Does running your business in a client's home require you to be insured? (worst case scenario, you have a grease fire, throw water on it and burn their house down.)
Do you have any legal safe guards in case a member gets sick, blames your cooking and sues you?
Does your state or city require a food handlers card, ServSafe certification, or comparable proof of training?
Does your state require you to collect taxes?

I'm not trying to scare you, I'm just trying to help anyone considering the business to make sure they're covered since most people will more than likely be going into the business as a sole propreitor. If you already have a business set up incorporated or as an LLC, bonus. I'm not a lawyer, but I know there's a few hoops to jump through regardless what state you're in.

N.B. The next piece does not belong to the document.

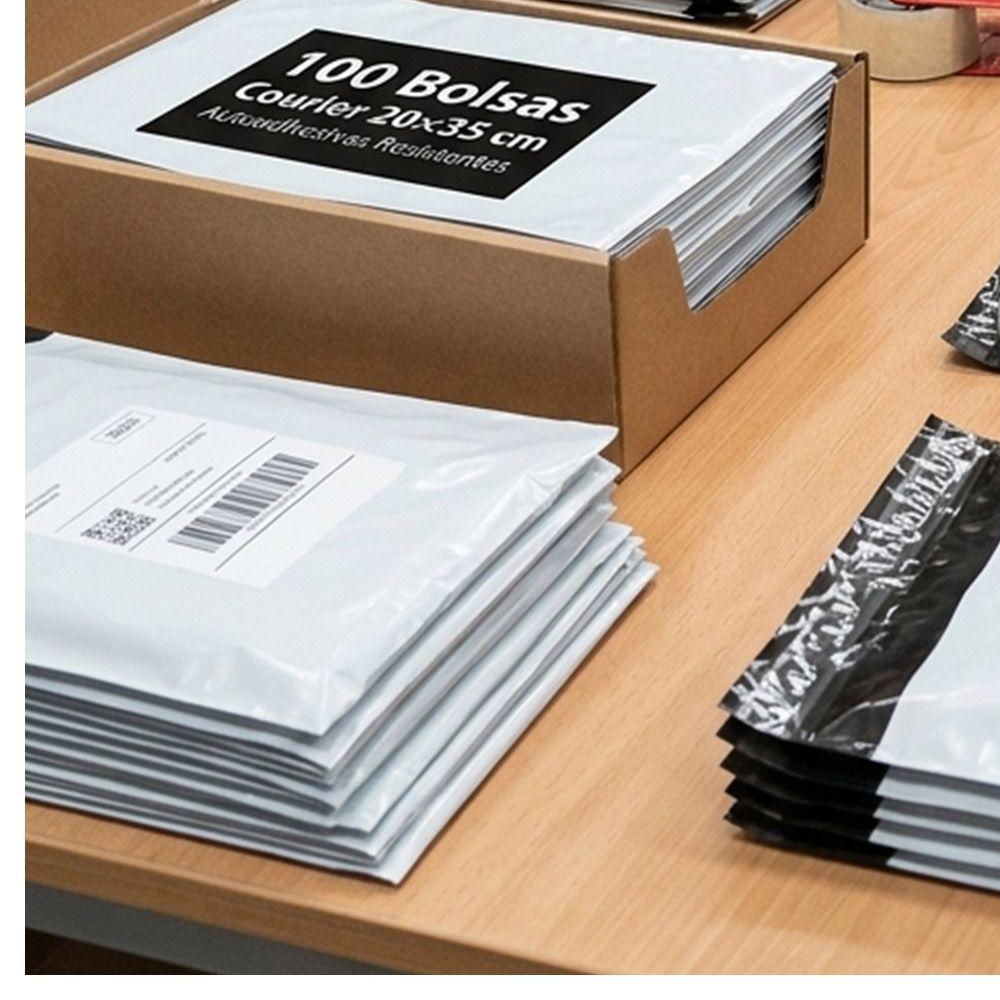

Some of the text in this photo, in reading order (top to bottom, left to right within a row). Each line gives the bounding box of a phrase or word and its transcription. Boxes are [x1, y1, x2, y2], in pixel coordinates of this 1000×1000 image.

[286, 52, 591, 123] 100 Bolsas
[367, 105, 493, 140] 20x35
[489, 131, 548, 152] cm

As far as pricing, it seems like you'll be doing family style cooking, that's good, your days should be shorter. It may be best for you to set up a per hour or per day rate plus groceries. It'd be best for you to do the grocery shopping because you'll know exactly what you'll need to cook your menu, and you'll ensure you're picking the best possible produce. Get a grocery store deposit before shopping or, in your client agreement, make sure you are compensated for your receipt upon job completion.

There are a number of variables to consider before settling on price, but I think a fair price for this particular service would be $100 - $175 per cook day + groceries ($500 - $875 per week). A selling point as a personal chef is the ability to personalize their menus, quantities, nutrition, etc. to suit them as a family and provide them with restaurant quality food. If they say thats too pricey, break it down for them. That's roughly 60 meals a week, you're doing their grocery shopping, cooking, and kitchen cleanup.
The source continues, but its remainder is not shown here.